What to do: Write the full listing out again, word for word, but omit the pictures.
_____
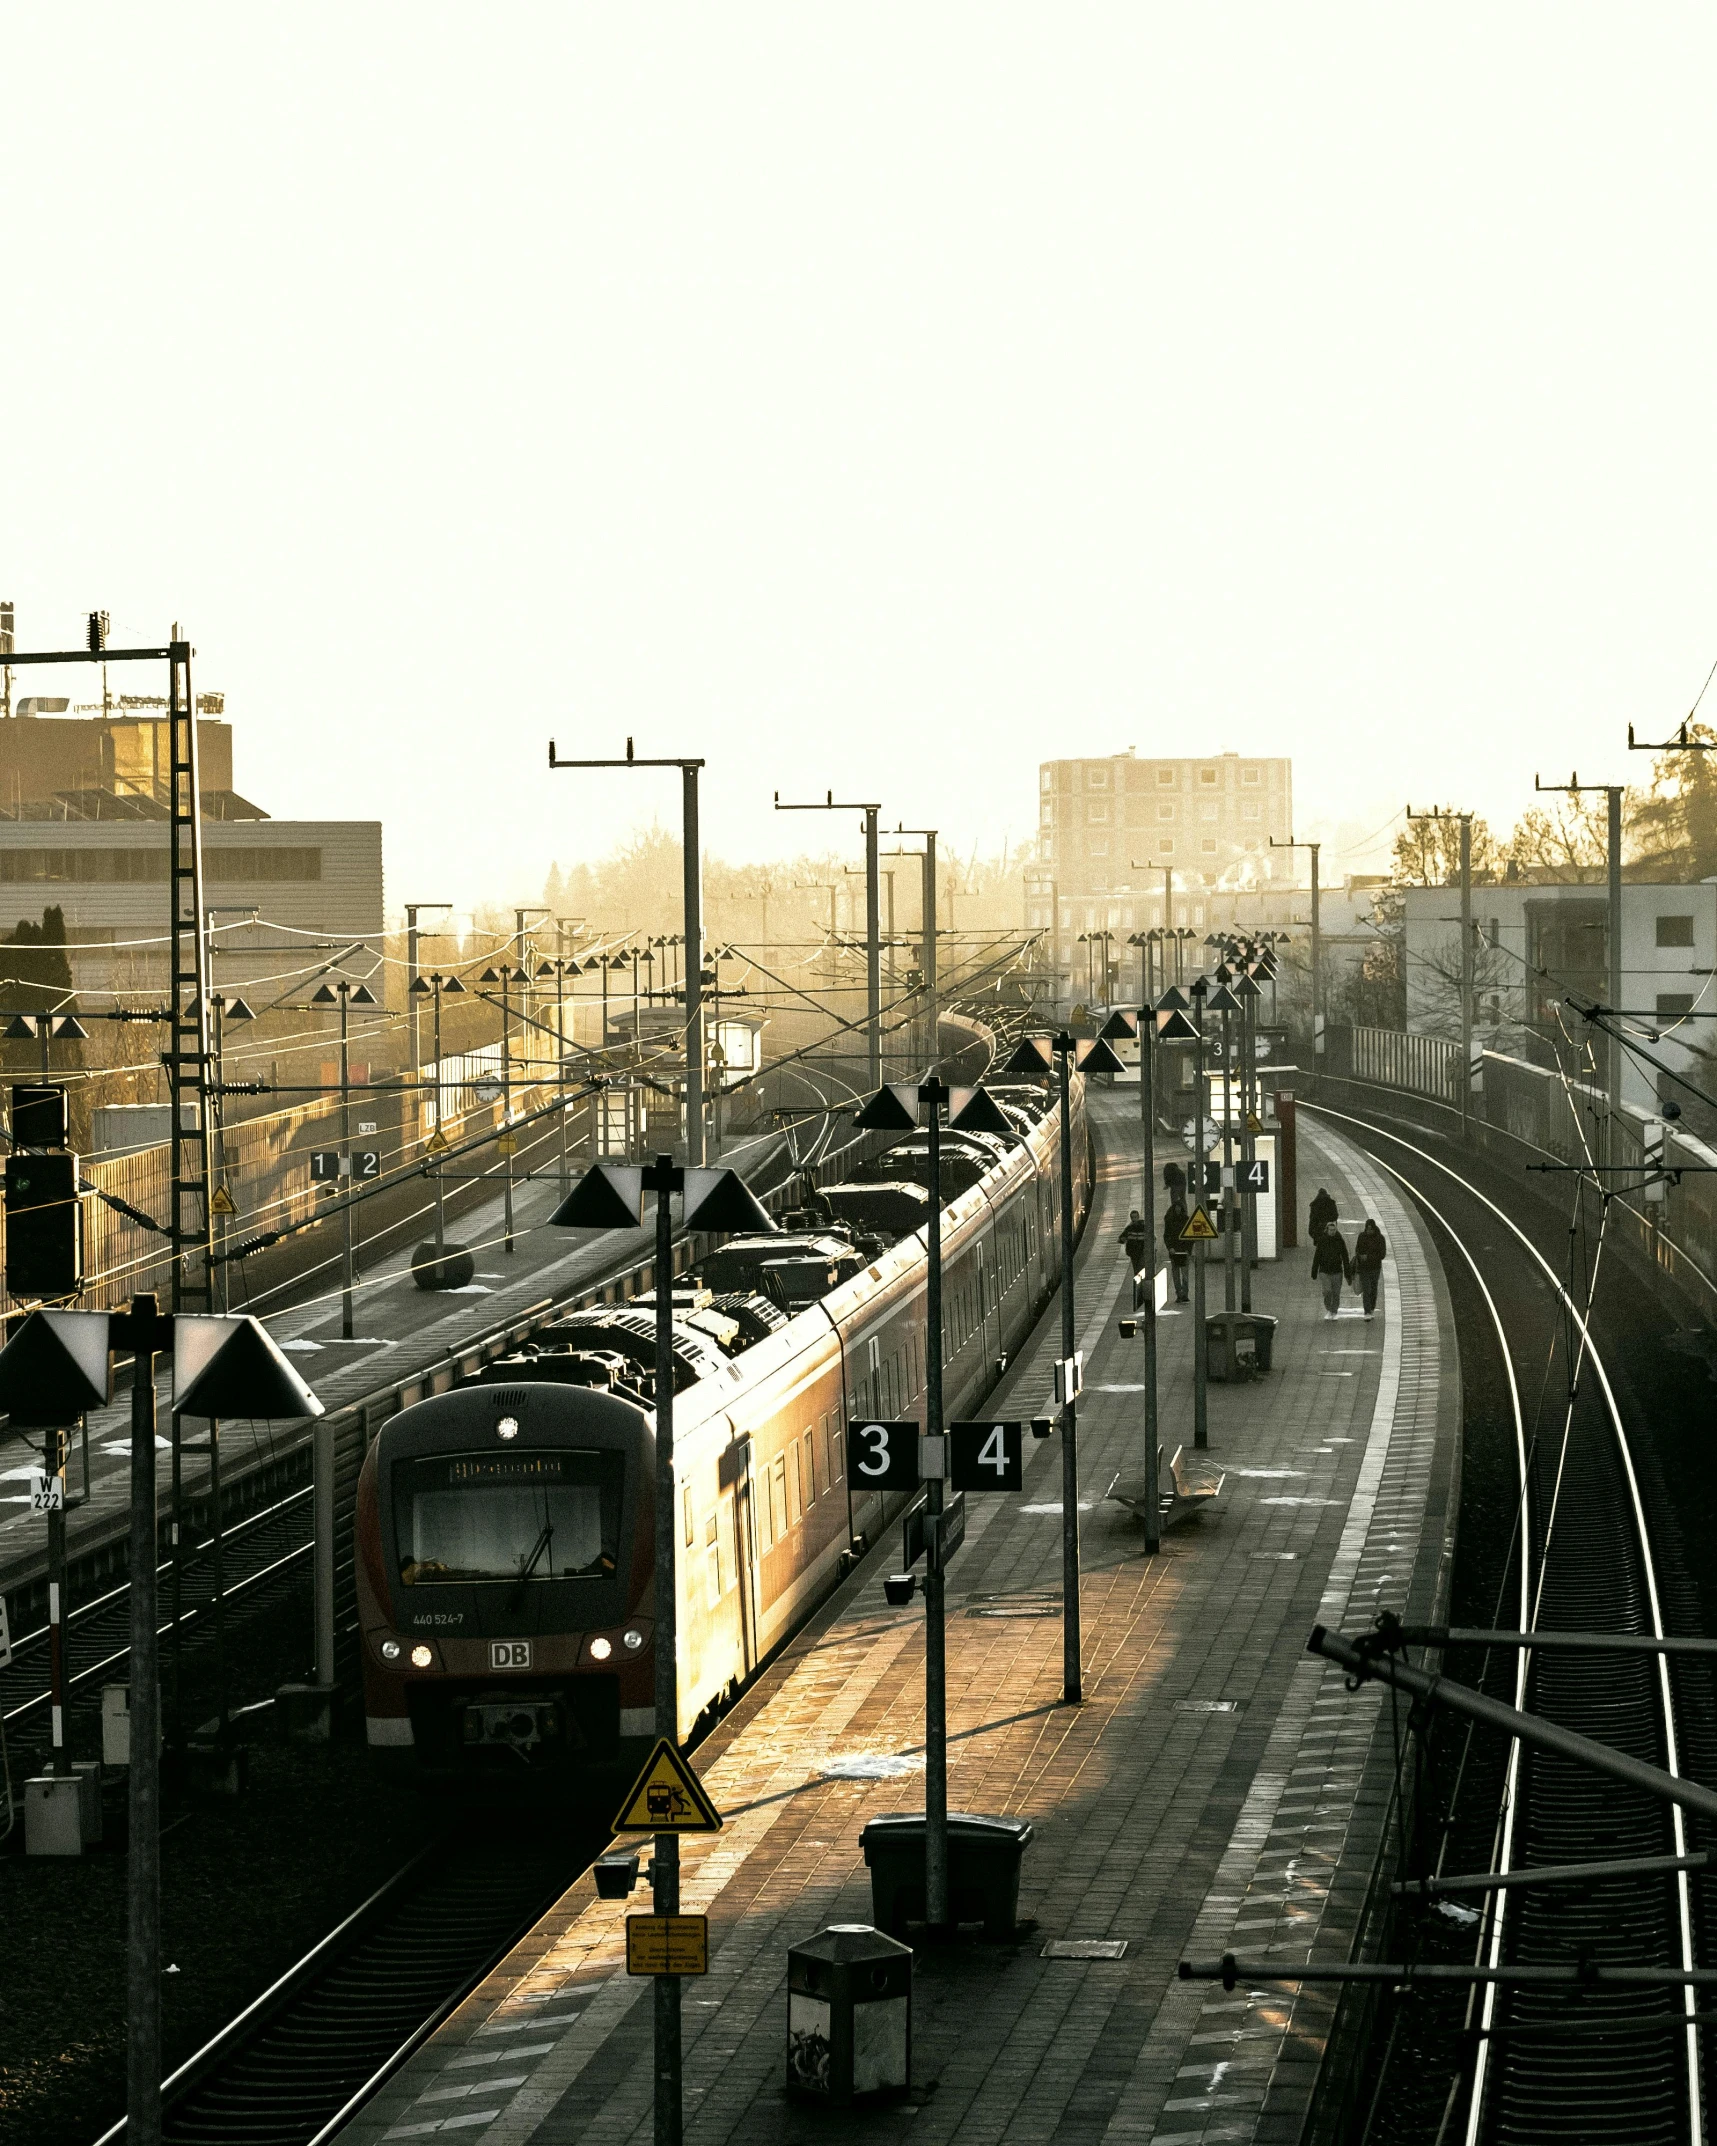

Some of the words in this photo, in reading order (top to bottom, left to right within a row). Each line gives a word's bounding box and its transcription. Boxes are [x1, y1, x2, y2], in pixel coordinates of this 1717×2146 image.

[1213, 1042, 1222, 1056] 3
[359, 1124, 375, 1132] LZB
[314, 1153, 324, 1174] 1
[363, 1152, 377, 1174] 2
[1248, 1162, 1264, 1186] 4
[857, 1424, 891, 1476] 3
[977, 1425, 1010, 1476] 4
[39, 1476, 53, 1493] W
[34, 1493, 59, 1509] 222
[413, 1614, 433, 1625] 440
[434, 1613, 464, 1625] 524-7
[493, 1643, 529, 1667] DB
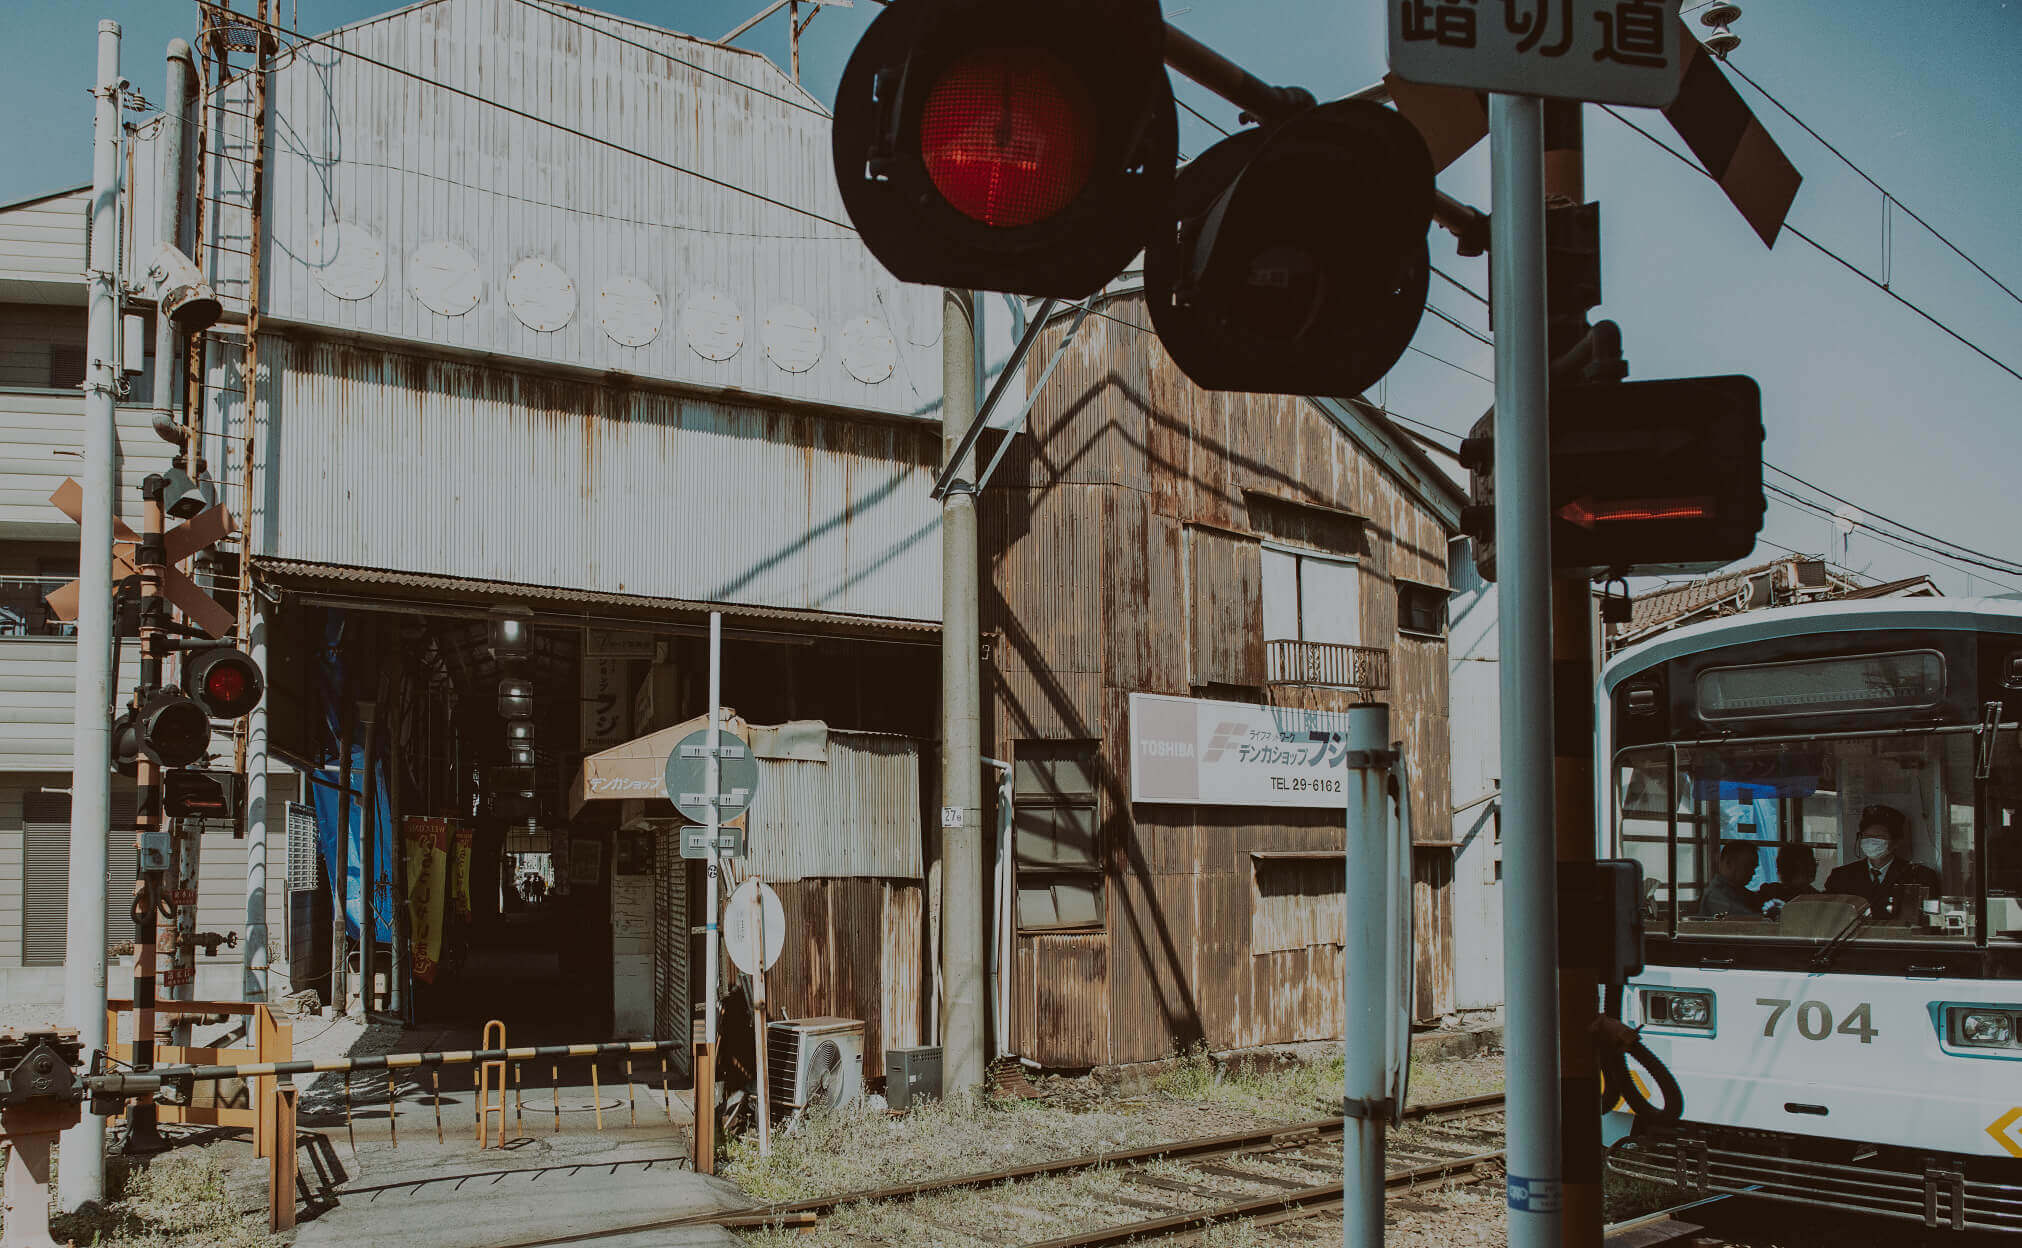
_____
Answer for this exercise:
Some of the words in this photo, in reading order (top to bottom, left to right within a row). Each line gives a word's bounding box and its transcription. Boxes are [x1, y1, x2, y2], in pixel coordinates of this 1717×2146 image.

[1213, 1042, 1222, 1056] 3
[359, 1124, 375, 1132] LZB
[314, 1153, 324, 1174] 1
[363, 1152, 377, 1174] 2
[1248, 1162, 1264, 1186] 4
[857, 1424, 891, 1476] 3
[977, 1425, 1010, 1476] 4
[39, 1476, 53, 1493] W
[34, 1493, 59, 1509] 222
[413, 1614, 433, 1625] 440
[434, 1613, 464, 1625] 524-7
[493, 1643, 529, 1667] DB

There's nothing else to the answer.